With some 20 countries in Africa slated to hold elections this year – including in neighbouring Liberia, the lion’s share recipient of Ivorian refugees – observers saw Cote d’Ivoire as a test of the continent’s commitment to democratise. If the results of an internationally-deemed legitimate election were flouted and yet another strongman was allowed to remain in power, the effect would be demoralising to would-be African democrats, the thinking went.
“This was a test case, not only for the Ivory Coast, this was a test case also for Africa,” Carson said. “The ballot must be respected.”
Similarly, it was feared that Muammar Gaddafi’s crackdown on civilians would threaten the Arab Spring of popular uprisings sweeping the Middle East and wilt the fragile bloom of its post-revolution Egyptian and Tunisian neighbours – a rationale that helped buoy the arguments for military intervention in Libya.
“The democratic impulses that are dawning across the region would be eclipsed by the darkest form of dictatorship, as repressive leaders concluded that violence is the best strategy to cling to power,” Obama said in his speech defending U.S. military action in Libya.
But beneath the quick comparisons are important differences, analysts contend.

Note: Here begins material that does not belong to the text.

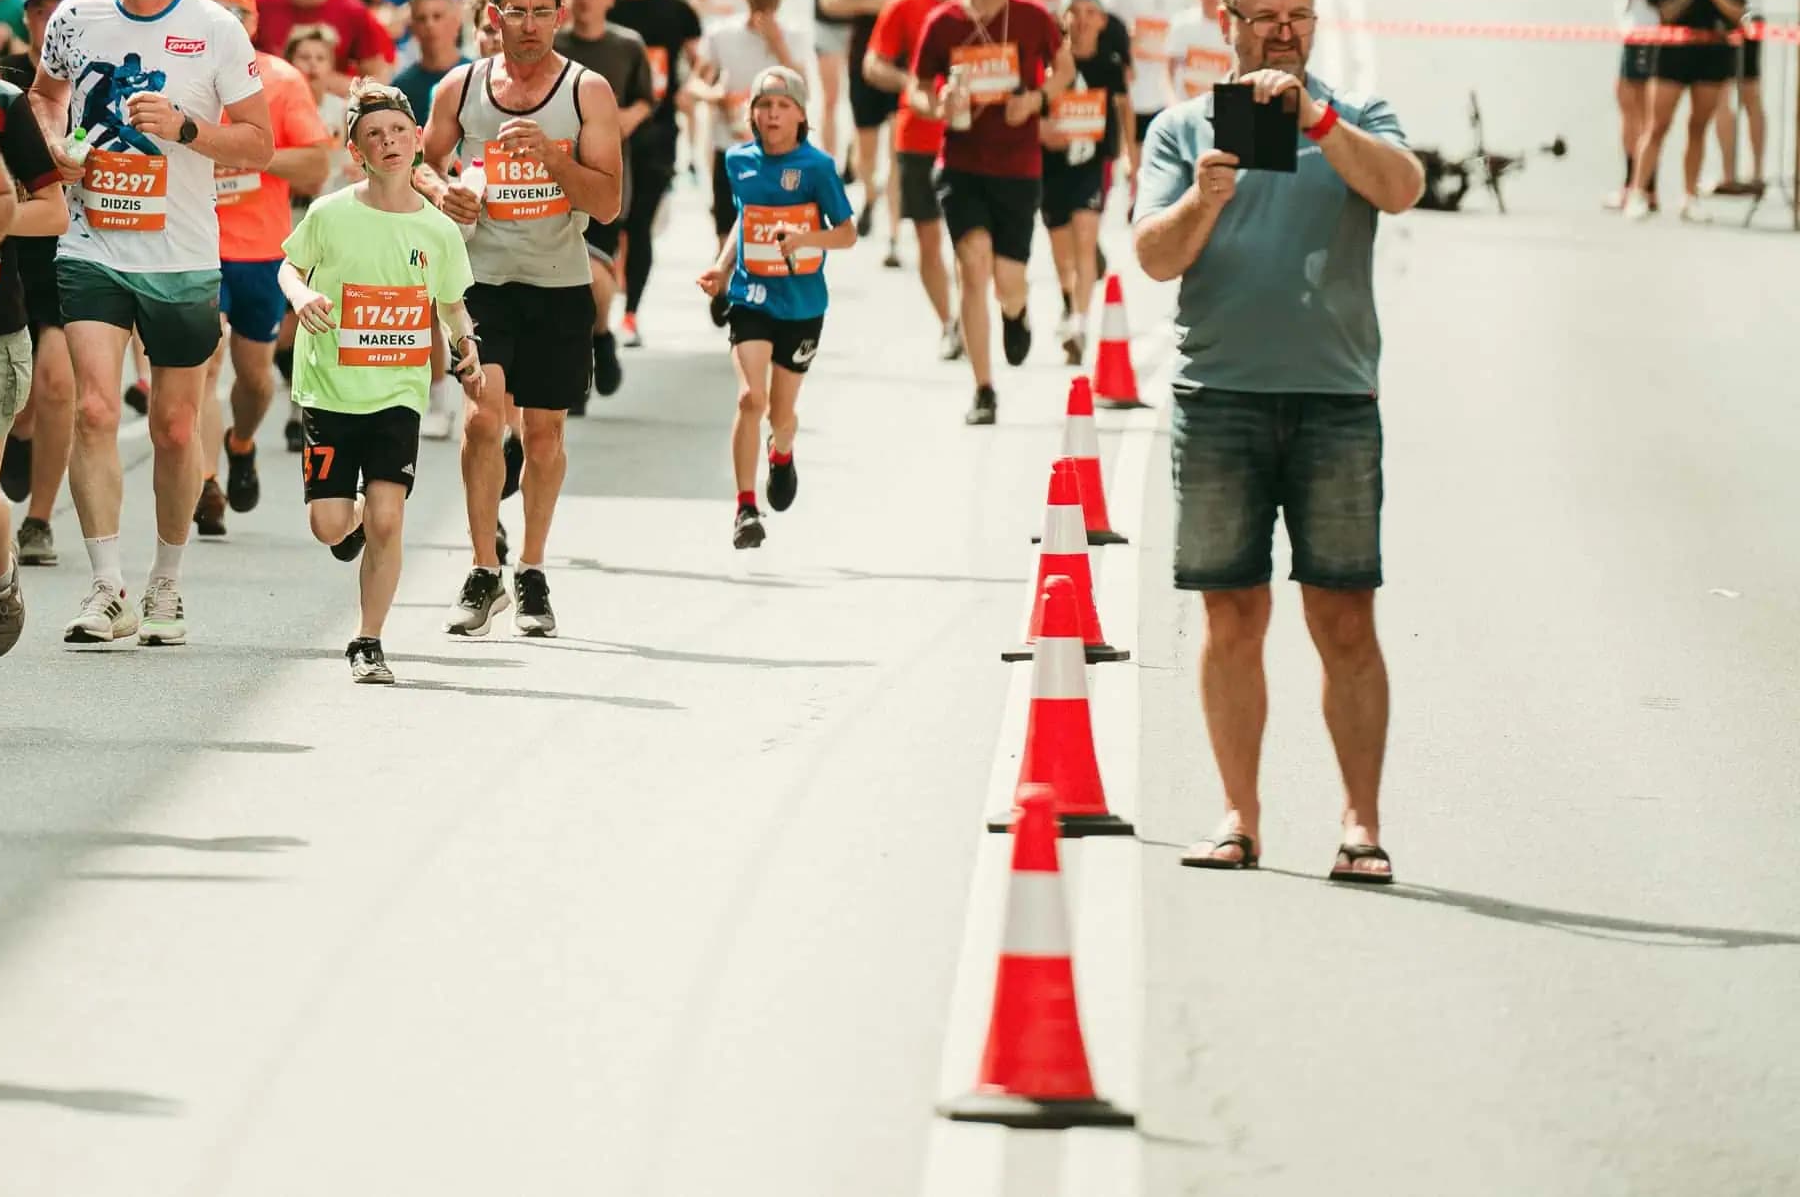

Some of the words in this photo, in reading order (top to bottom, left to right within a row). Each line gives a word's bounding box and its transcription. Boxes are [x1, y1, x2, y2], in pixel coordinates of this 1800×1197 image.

Some 11,000 U.N. blue helmets are on the ground in Cote d’Ivoire, supplemented by French forces, while Gbagbo lacks the airborne military force that Gaddafi deployed against his people.
“Without the presence of these peacekeepers, there is absolutely no doubt that the situation in Cote d’Ivoire would be far worse than it is now,” Carson argued. “Overall, the international community’s responses in Cote d’Ivoire thus far have been appropriately matched to the political and military circumstances on the ground.”
In response to escalating violence and a reported uptick in U.N.-targeted attacks, four U.N. helicopters fired missiles at two military camps and the presidential palace in the capital of Abidjan, where Gbagbo is housed and headquartered, on Monday – a rare and extraordinary move for the world body with its sparse history of military action.
“The ballot must be respected…and the international community will act if the situation warrants,” Carson reiterated, issuing a warning to other would-be incumbent strongmen bent on clinging to power through violent means.
But Carson also issued a caveat: “We should nonetheless be humbled about what can be expected of external intervention in general.”